Clinical Report: Interpretable Models for Forecasting Early-Onset Hypertension
Overview
This study introduces DSRegPSOP, a symbolic regression approach that develops interpretable models for predicting early-onset hypertension. The models demonstrate predictive performance comparable to advanced machine learning techniques while maintaining clinical interpretability.
Background
Early-onset hypertension is a significant health concern due to its association with increased cardiovascular risk. Understanding the multifactorial determinants of hypertension is crucial for early intervention and prevention strategies. The Tlalpan 2020 cohort provides a unique dataset to explore these determinants in clinically healthy adults, enhancing the potential for effective predictive modeling.
Data Highlights
No numerical data available.
Key Findings
DSRegPSOP produced interpretable mathematical models for early-onset hypertension.

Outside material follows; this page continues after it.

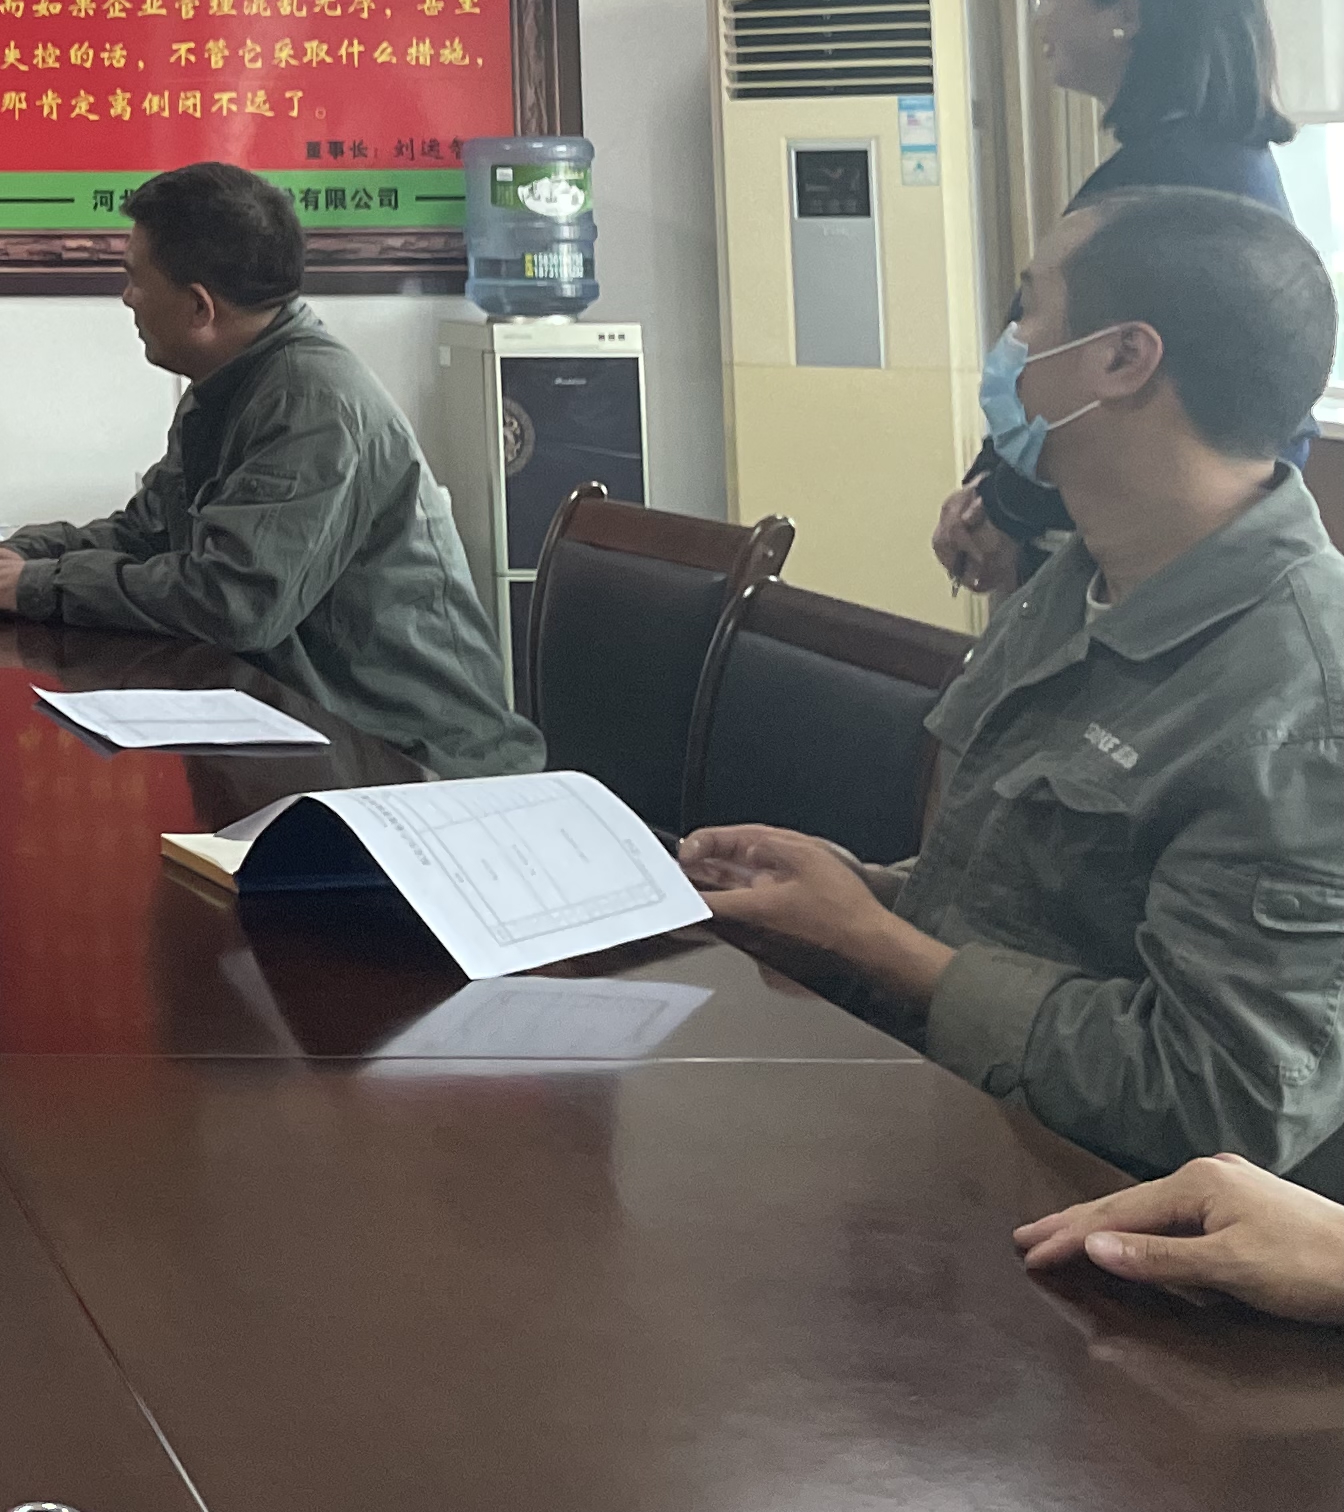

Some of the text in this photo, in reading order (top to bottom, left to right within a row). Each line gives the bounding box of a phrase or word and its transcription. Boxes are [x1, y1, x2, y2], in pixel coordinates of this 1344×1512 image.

[0, 38, 486, 72] 失控的话，不管它采取什么措施，
[1, 89, 327, 121] 那肯定离倒闭不远了。

The models maintained predictive performance comparable to state-of-the-art machine learning algorithms.
Key predictors of early-onset hypertension were identified through the models.
The study utilized a nested case-control design based on a 10-year prospective cohort.
Addressed class imbalance using oversampling and SMOTE-based strategies.
Clinical Implications
The development of interpretable models like DSRegPSOP can enhance clinical decision-making by providing clear insights into hypertension risk factors. These models may support early prevention strategies, pending further validation in independent cohorts.
Conclusion
DSRegPSOP offers a promising approach to hypertension risk assessment, emphasizing the need for interpretable models in clinical practice. Future validation studies are essential to confirm its utility in diverse populations.